RECORD EXTRACTS Start Marker

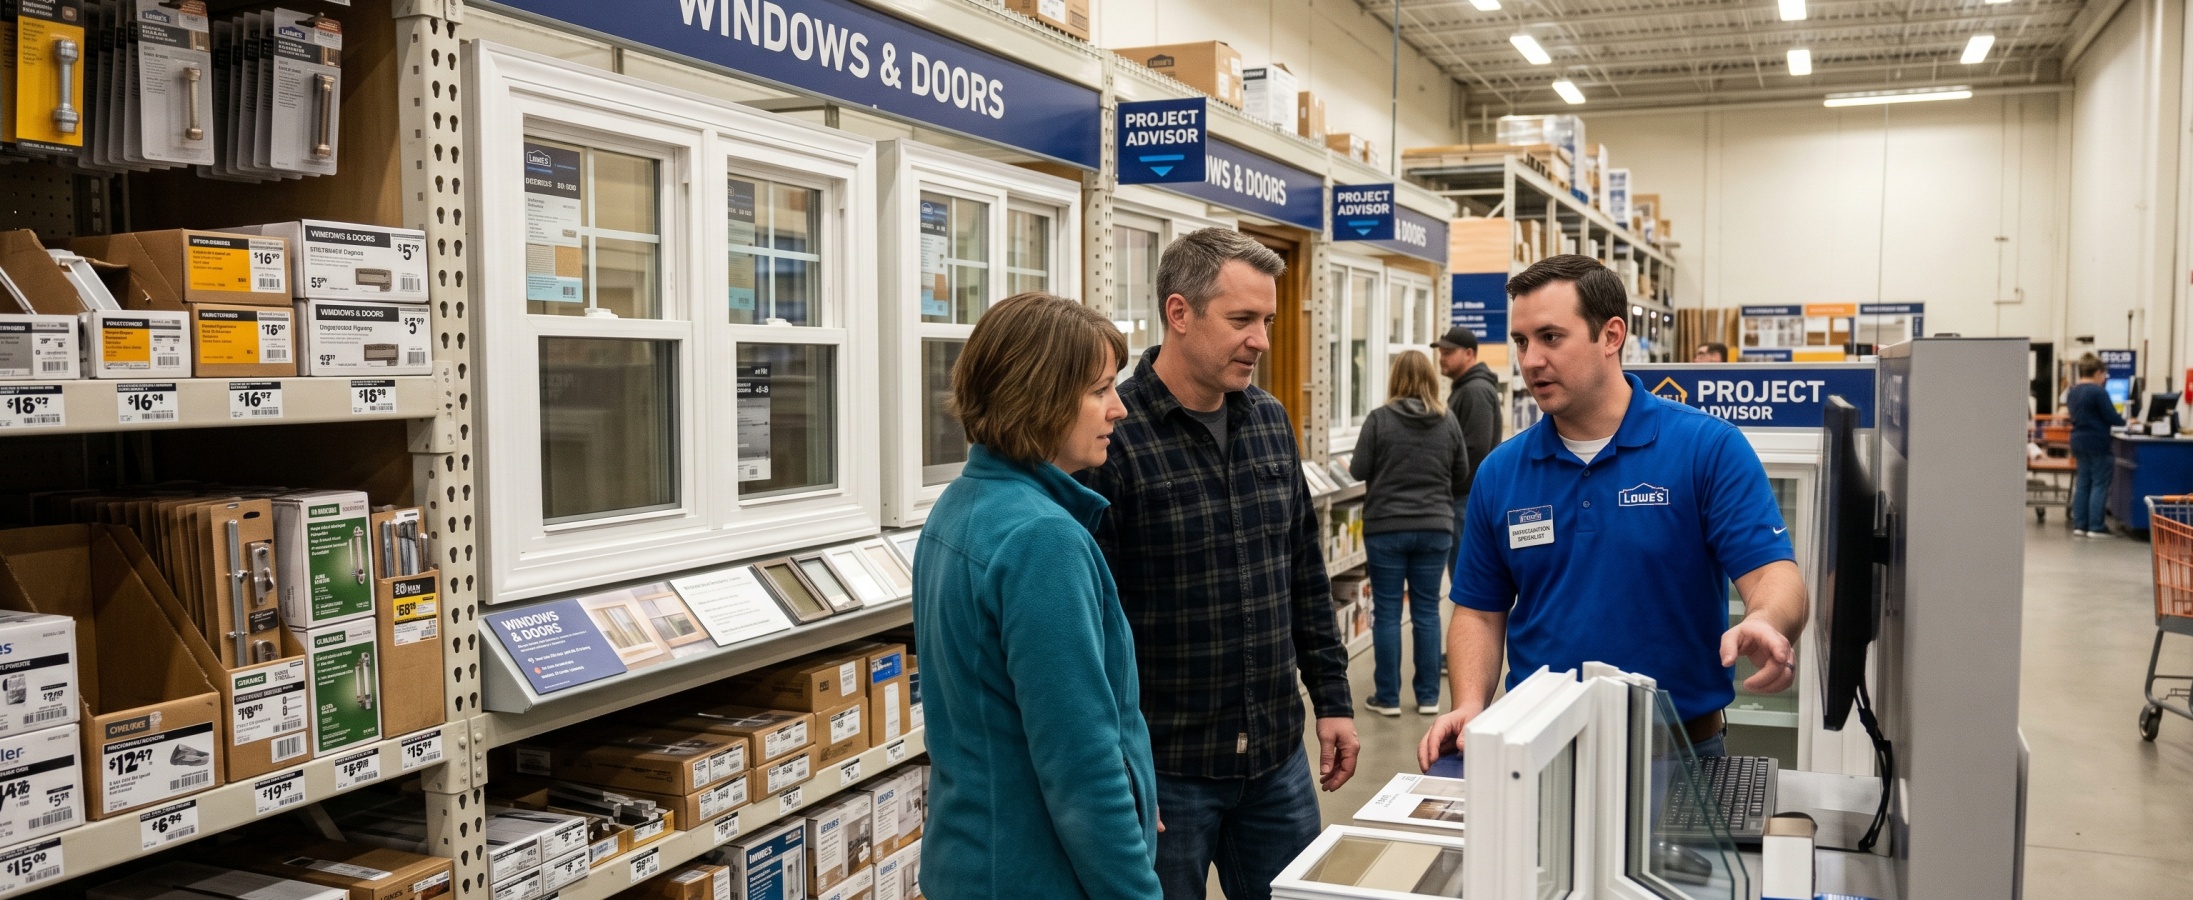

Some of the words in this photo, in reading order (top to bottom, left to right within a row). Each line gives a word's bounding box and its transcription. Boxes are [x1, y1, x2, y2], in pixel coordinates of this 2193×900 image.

[680, 0, 869, 79] WINDOWS
[879, 42, 902, 90] &
[911, 51, 1005, 119] DOORS
[1125, 110, 1199, 128] PROJECT
[1125, 128, 1199, 147] ADVISOR
[1234, 164, 1244, 193] &
[1246, 168, 1287, 206] DOORS
[1337, 190, 1390, 203] PROJECT
[1337, 203, 1390, 216] ADVISOR
[346, 233, 352, 241] &
[352, 234, 375, 243] DOORS
[355, 310, 362, 318] &
[362, 310, 384, 319] DOORS
[1698, 381, 1825, 403] PROJECT
[1624, 491, 1664, 504] LOWE'S
[501, 611, 560, 631] WINDOWS
[511, 632, 523, 642] &
[521, 623, 563, 641] DOORS

RECORD EXTRACTS End Marker

## [TASK TO CARRY OUT]
Return the material exactly as given, apart from the pictures.

## [ANSWER]
Some of the words in this photo, in reading order (top to bottom, left to right within a row). Each line gives a word's bounding box and its transcription. Boxes are [x1, y1, x2, y2], in pixel coordinates of this 2193×900 image.

[680, 0, 869, 79] WINDOWS
[879, 42, 902, 90] &
[911, 51, 1005, 119] DOORS
[1125, 110, 1199, 128] PROJECT
[1125, 128, 1199, 147] ADVISOR
[1234, 164, 1244, 193] &
[1246, 168, 1287, 206] DOORS
[1337, 190, 1390, 203] PROJECT
[1337, 203, 1390, 216] ADVISOR
[346, 233, 352, 241] &
[352, 234, 375, 243] DOORS
[355, 310, 362, 318] &
[362, 310, 384, 319] DOORS
[1698, 381, 1825, 403] PROJECT
[1624, 491, 1664, 504] LOWE'S
[501, 611, 560, 631] WINDOWS
[511, 632, 523, 642] &
[521, 623, 563, 641] DOORS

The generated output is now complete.